■ TASK DESCRIPTION
Give the entries back exactly as they stand, but without pictures.

-------- SUPPLIED RECORDS

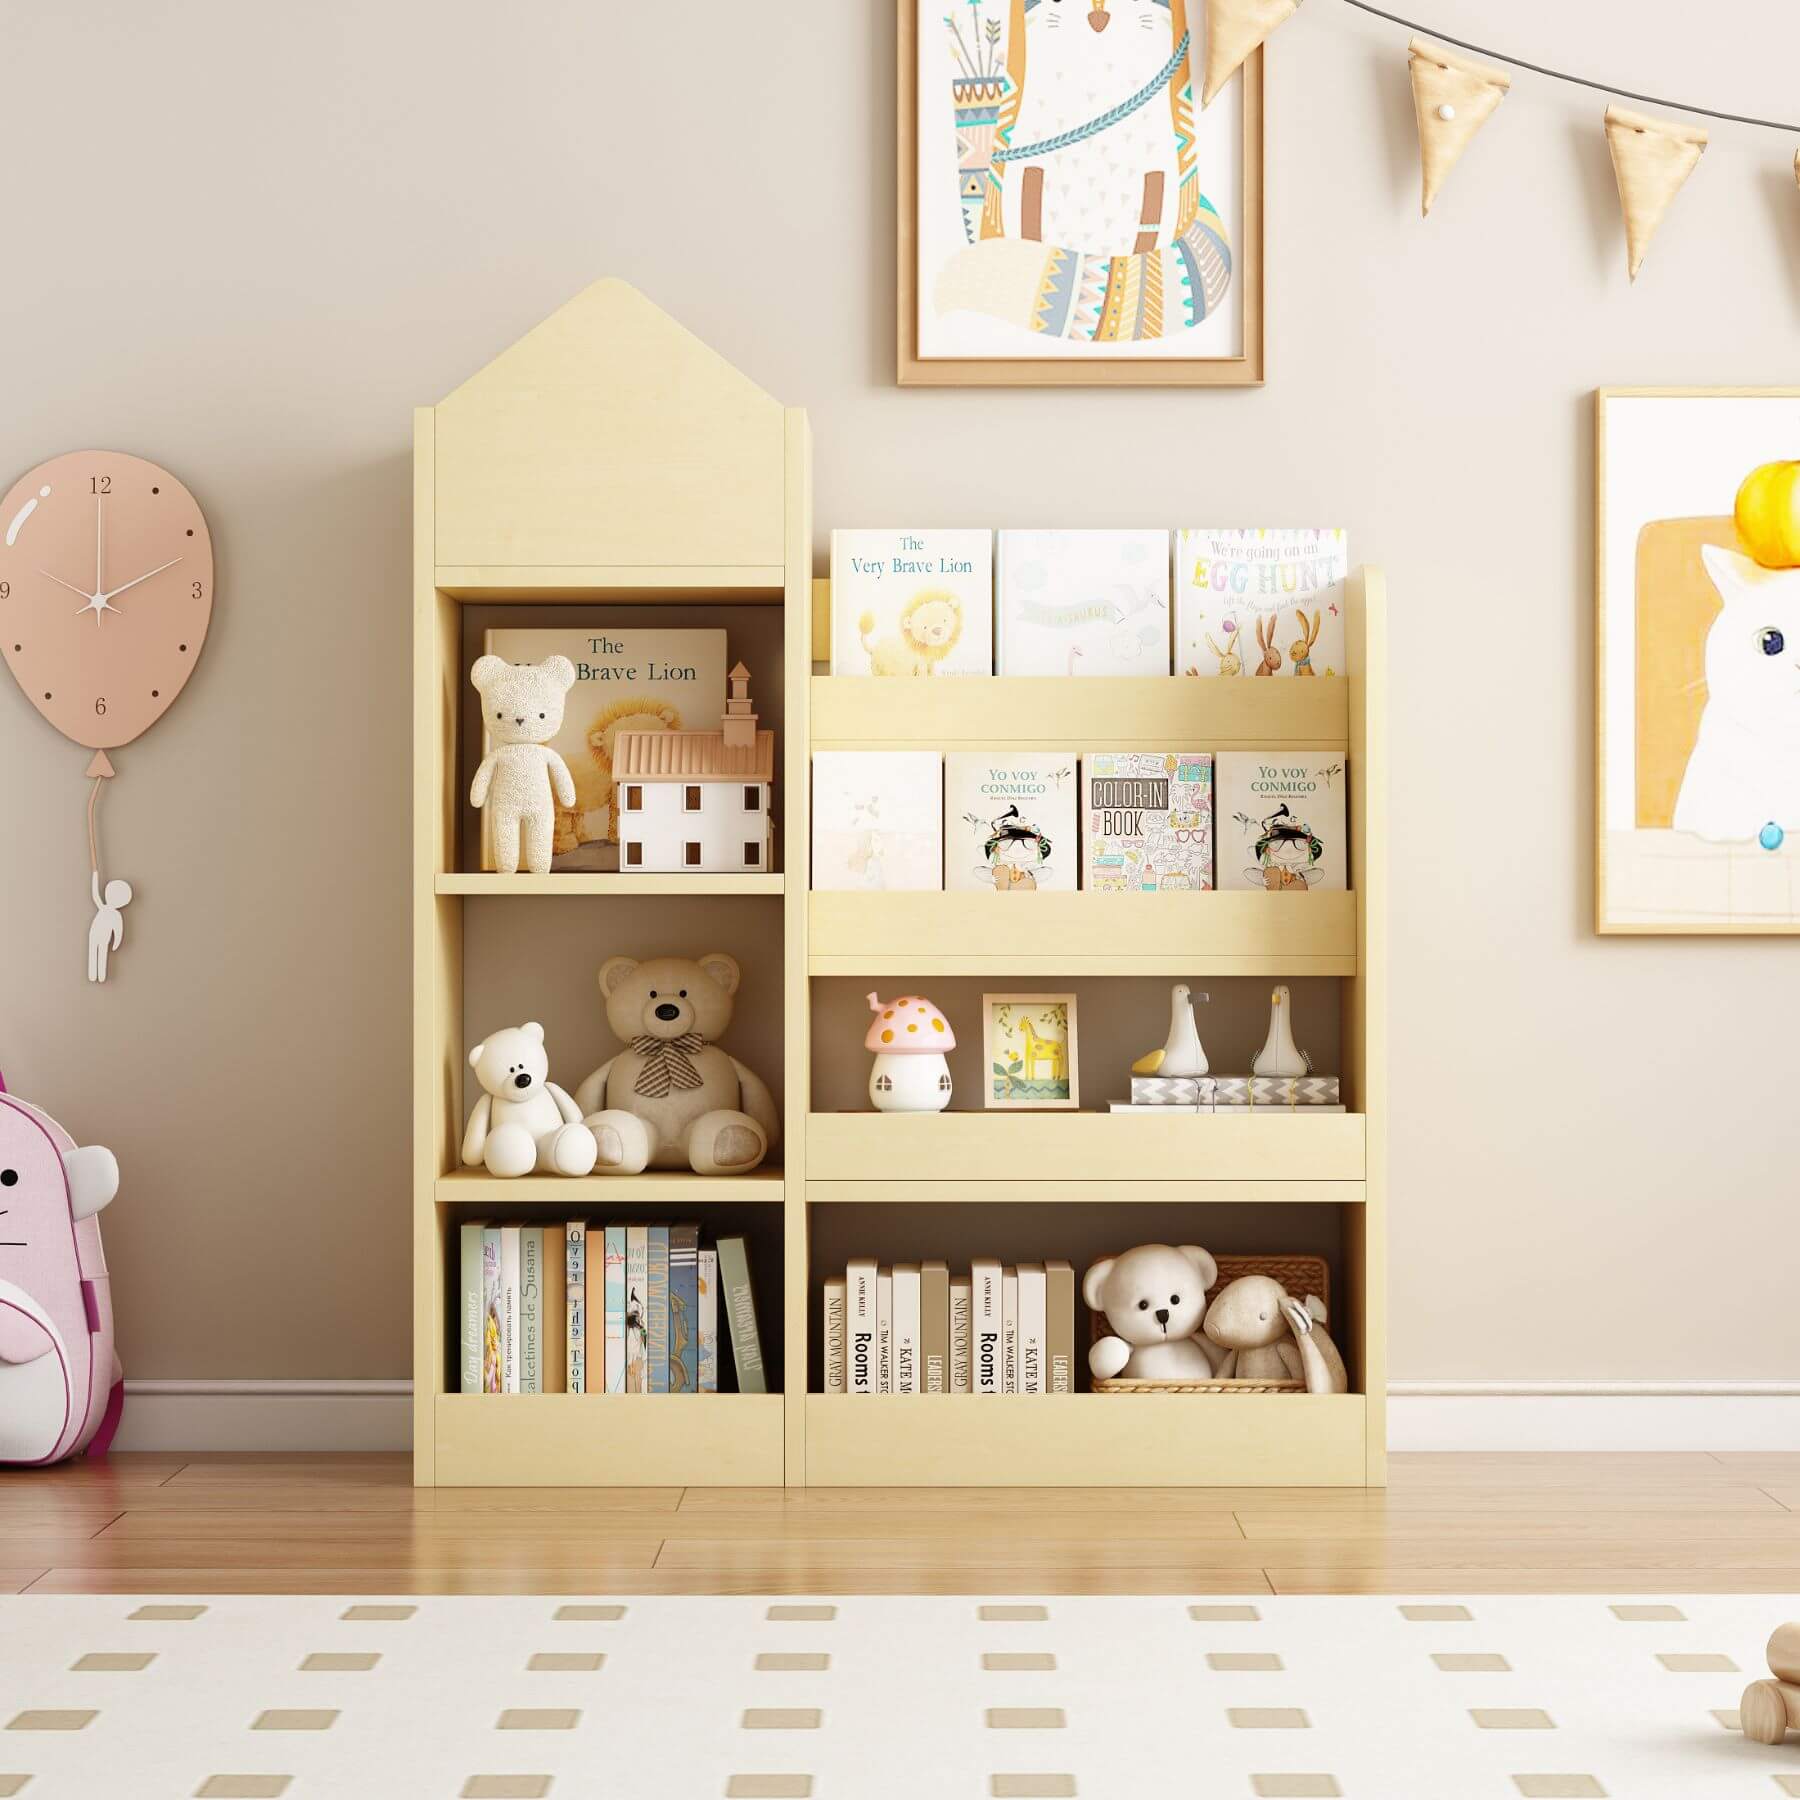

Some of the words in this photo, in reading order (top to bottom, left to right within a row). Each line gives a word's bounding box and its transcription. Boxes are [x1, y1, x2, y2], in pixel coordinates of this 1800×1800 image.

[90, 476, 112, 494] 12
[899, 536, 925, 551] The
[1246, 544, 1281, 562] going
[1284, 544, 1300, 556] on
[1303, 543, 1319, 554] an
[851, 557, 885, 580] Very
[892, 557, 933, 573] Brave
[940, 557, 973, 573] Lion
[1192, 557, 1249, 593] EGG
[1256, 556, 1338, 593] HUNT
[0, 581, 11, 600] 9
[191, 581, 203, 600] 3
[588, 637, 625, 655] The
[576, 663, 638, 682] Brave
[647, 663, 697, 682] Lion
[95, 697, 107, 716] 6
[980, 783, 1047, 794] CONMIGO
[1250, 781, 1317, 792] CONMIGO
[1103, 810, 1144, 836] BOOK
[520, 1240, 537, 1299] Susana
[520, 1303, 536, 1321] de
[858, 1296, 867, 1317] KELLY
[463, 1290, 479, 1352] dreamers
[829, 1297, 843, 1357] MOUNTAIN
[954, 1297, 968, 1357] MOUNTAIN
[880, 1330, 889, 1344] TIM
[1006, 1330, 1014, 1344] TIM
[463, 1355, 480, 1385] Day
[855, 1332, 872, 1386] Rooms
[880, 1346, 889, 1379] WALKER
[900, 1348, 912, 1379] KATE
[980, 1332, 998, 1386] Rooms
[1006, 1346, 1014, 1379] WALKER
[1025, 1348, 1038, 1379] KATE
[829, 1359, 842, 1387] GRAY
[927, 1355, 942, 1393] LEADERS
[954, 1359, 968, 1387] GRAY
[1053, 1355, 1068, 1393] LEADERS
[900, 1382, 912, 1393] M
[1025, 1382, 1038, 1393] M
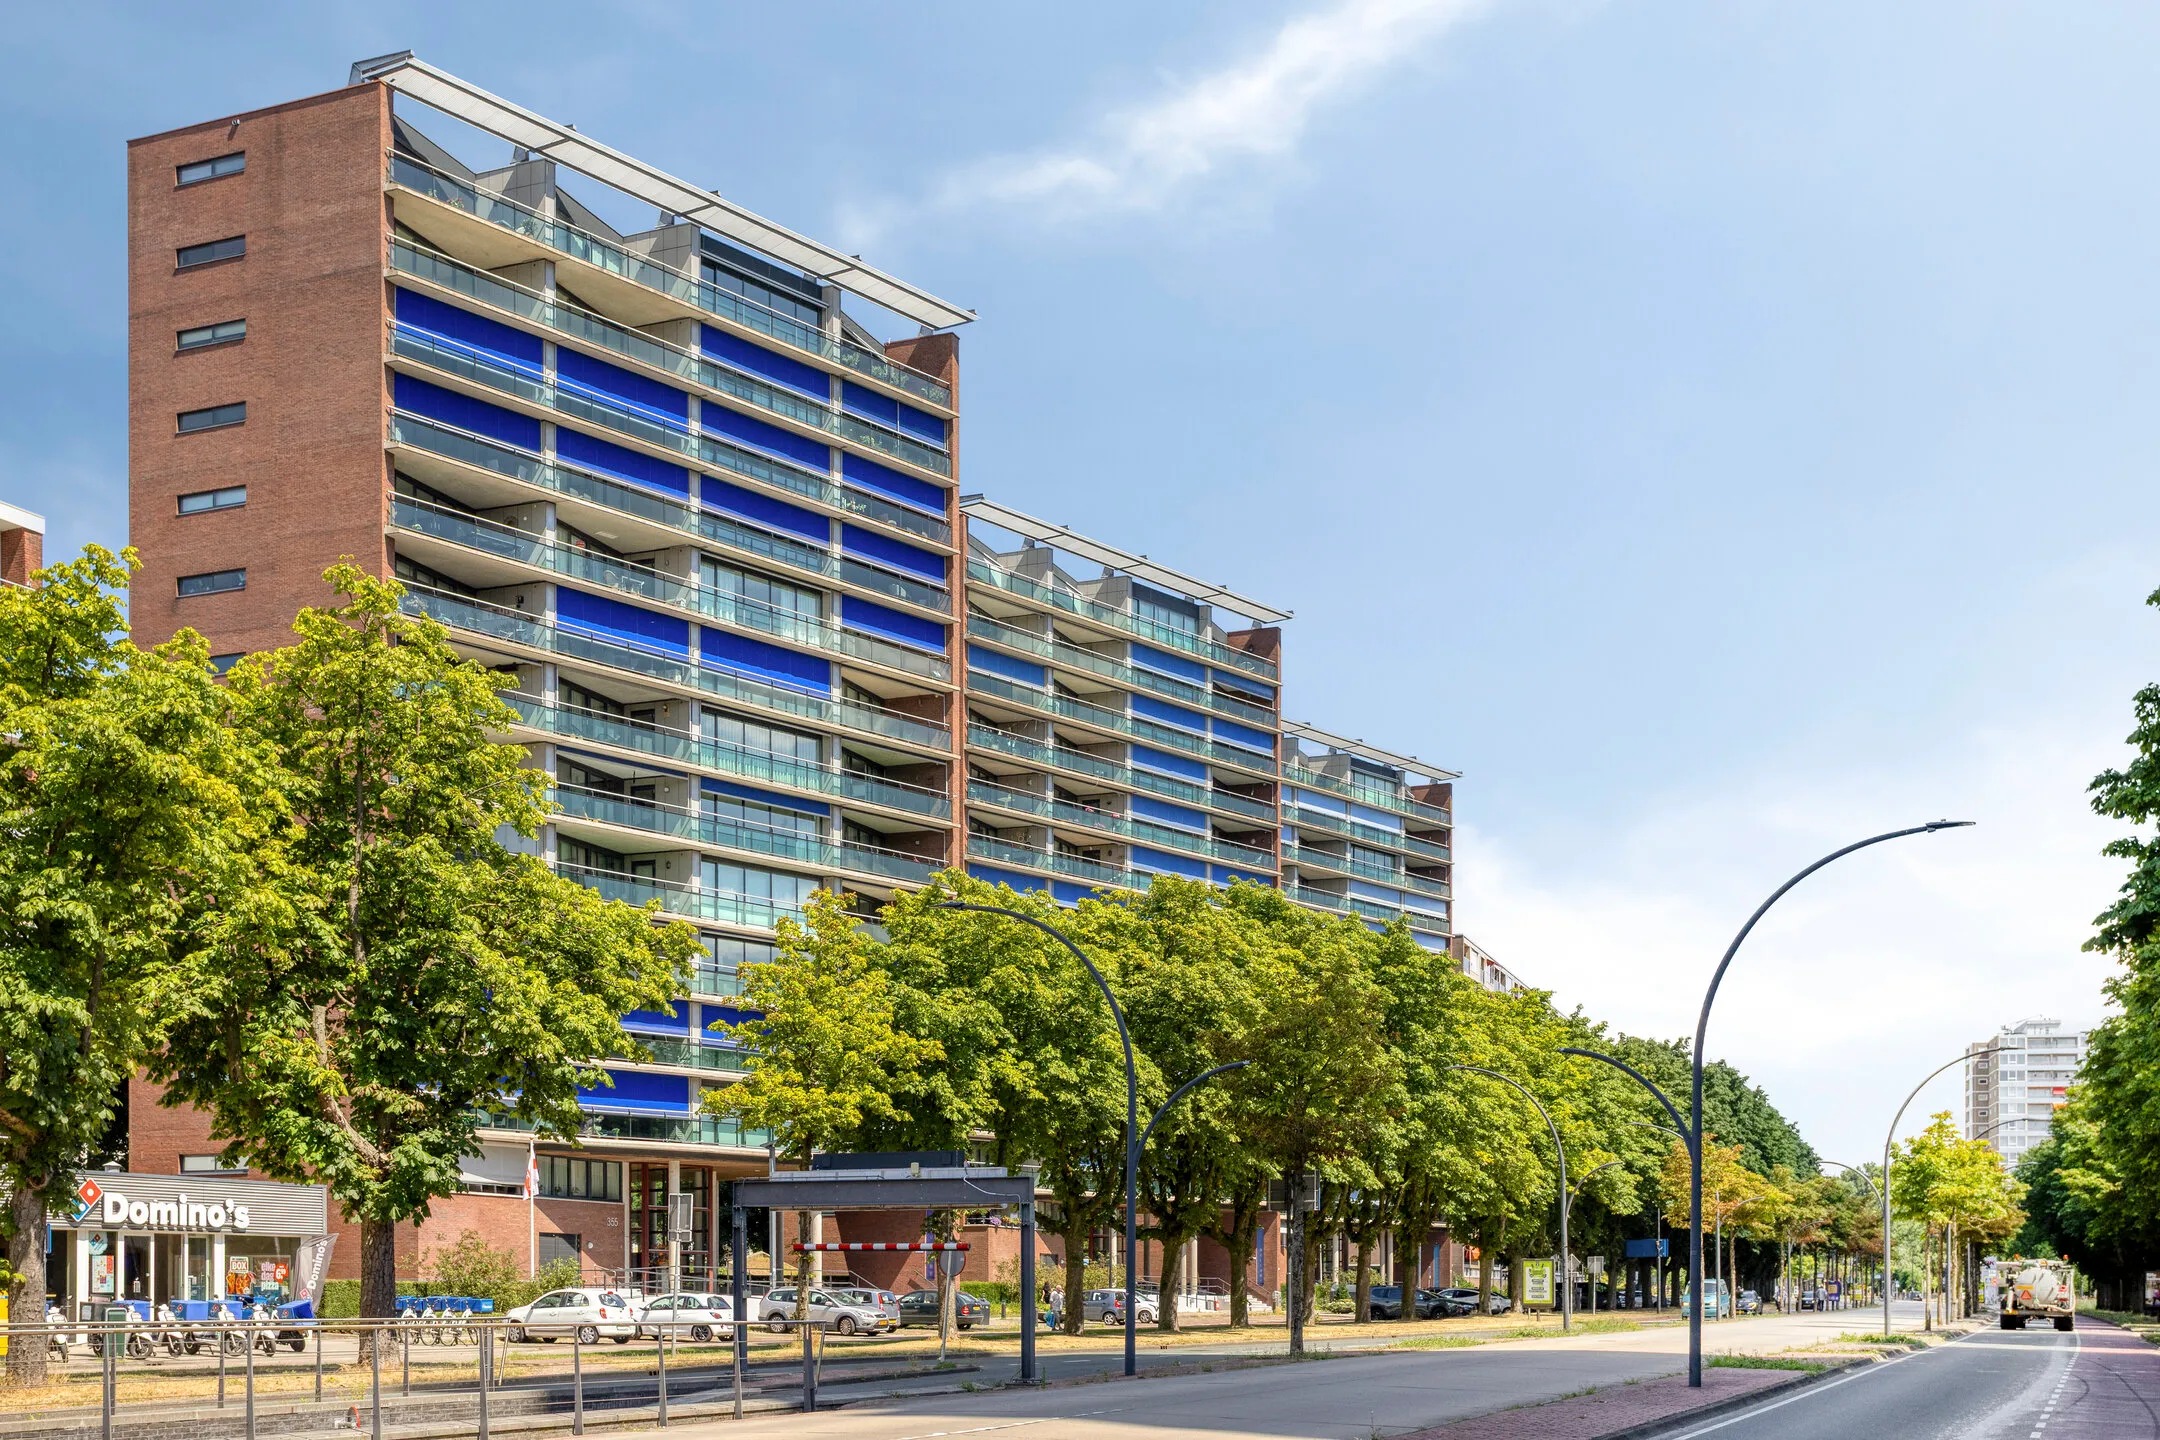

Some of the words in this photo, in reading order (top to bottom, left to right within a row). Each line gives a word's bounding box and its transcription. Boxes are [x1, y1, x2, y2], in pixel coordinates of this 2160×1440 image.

----------------

■ YOUR RESPONSE
Some of the words in this photo, in reading order (top to bottom, left to right within a row). Each line gives a word's bounding box and its transcription. Boxes are [x1, y1, x2, y2], in pixel coordinates of this 1800×1800 image.

[90, 476, 112, 494] 12
[899, 536, 925, 551] The
[1246, 544, 1281, 562] going
[1284, 544, 1300, 556] on
[1303, 543, 1319, 554] an
[851, 557, 885, 580] Very
[892, 557, 933, 573] Brave
[940, 557, 973, 573] Lion
[1192, 557, 1249, 593] EGG
[1256, 556, 1338, 593] HUNT
[0, 581, 11, 600] 9
[191, 581, 203, 600] 3
[588, 637, 625, 655] The
[576, 663, 638, 682] Brave
[647, 663, 697, 682] Lion
[95, 697, 107, 716] 6
[980, 783, 1047, 794] CONMIGO
[1250, 781, 1317, 792] CONMIGO
[1103, 810, 1144, 836] BOOK
[520, 1240, 537, 1299] Susana
[520, 1303, 536, 1321] de
[858, 1296, 867, 1317] KELLY
[463, 1290, 479, 1352] dreamers
[829, 1297, 843, 1357] MOUNTAIN
[954, 1297, 968, 1357] MOUNTAIN
[880, 1330, 889, 1344] TIM
[1006, 1330, 1014, 1344] TIM
[463, 1355, 480, 1385] Day
[855, 1332, 872, 1386] Rooms
[880, 1346, 889, 1379] WALKER
[900, 1348, 912, 1379] KATE
[980, 1332, 998, 1386] Rooms
[1006, 1346, 1014, 1379] WALKER
[1025, 1348, 1038, 1379] KATE
[829, 1359, 842, 1387] GRAY
[927, 1355, 942, 1393] LEADERS
[954, 1359, 968, 1387] GRAY
[1053, 1355, 1068, 1393] LEADERS
[900, 1382, 912, 1393] M
[1025, 1382, 1038, 1393] M

Some of the words in this photo, in reading order (top to bottom, left to right within a row). Each line gives a word's bounding box and its transcription. Boxes are [x1, y1, x2, y2], in pixel coordinates of this 2160×1440 image.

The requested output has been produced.